Correlation does not equal causation. But many other nations with universal or near-universal healthcare, like the Netherlands and Estonia, have seen declines in suicide rates, Mann said.
Following reports of Bourdain’s and Spade’s deaths, many people on Twitter shared stories of their own battles with depression and mental illnesses. Several also expressed worries about those who are unable to pay for therapy visits or psychiatric medications because their insurance plans do not cover them.
If you or someone you know is struggling with depression or has had thoughts of harming themselves or taking their own life, get help. The National Suicide Prevention Lifeline (1-800-273-8255) provides 24/7, free, confidential support for people in distress, as well as best practices for professionals and resources to aid in prevention and crisis situations.
How does this information fit into my interest in health care besides the basic problems in our mental health system? One of the suggestions that I have heard from the “talking heads” is that all physicians should be asking all of our patients about their stresses, concerns for depression indicators as the professionals on the media telling us that we should be able to pick up the early signs.

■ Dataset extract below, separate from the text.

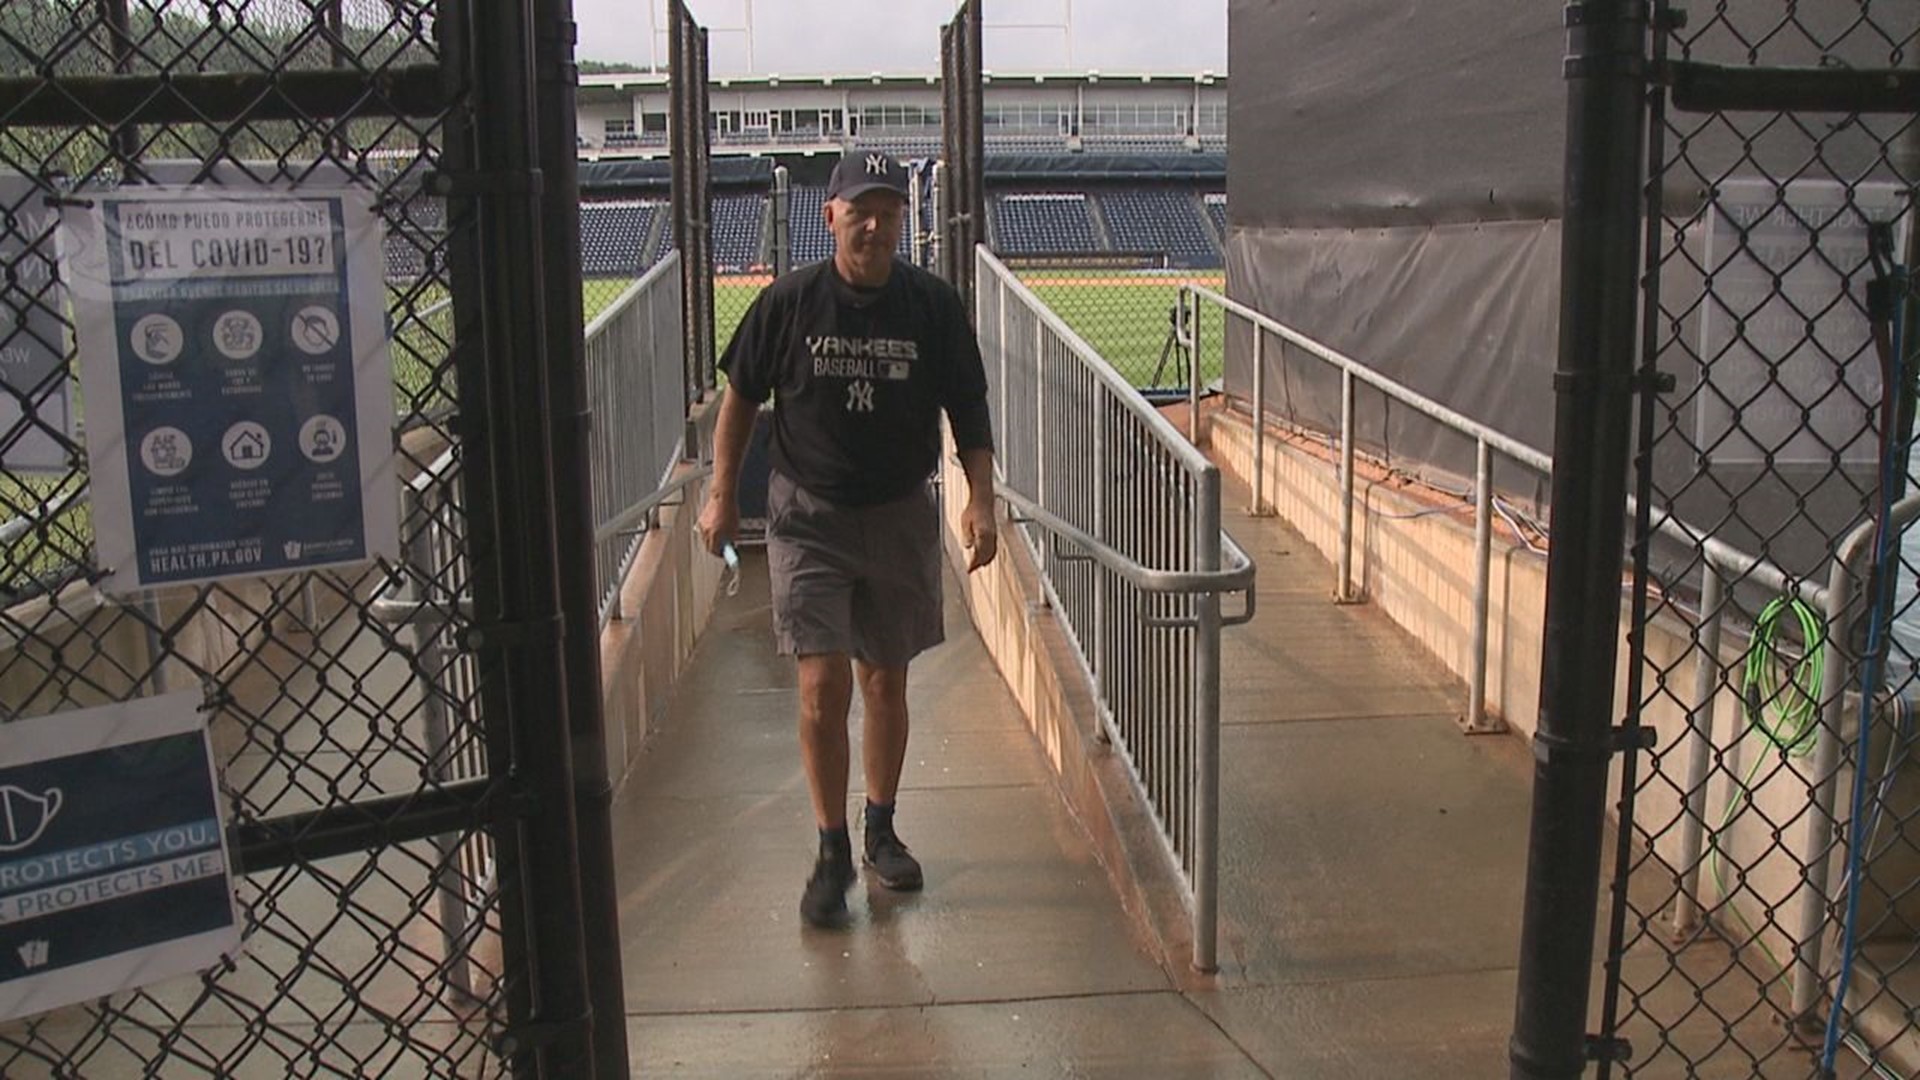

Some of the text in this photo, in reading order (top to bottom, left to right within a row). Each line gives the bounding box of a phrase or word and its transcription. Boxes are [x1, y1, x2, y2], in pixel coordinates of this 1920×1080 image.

Interesting suggestions but most of us, especially those physicians employed by the corporate health care systems, we barely have time to diagnose and start patients on their treatment in the allotted 11-15 minutes per patient as we are pushed to see more and more patients per day to increase their production models-profits first.
You all also have to understand my feeling regarding suicide, as I have watched friends, physicians and their sons and daughters commit suicide. I consider it the most selfish way to solve their problems. They leave the sorrow, the resolution of problems to their loved ones that they leave behind.
Happy Father’s Day to all the Dads out there! I hope that you all enjoyed your special day.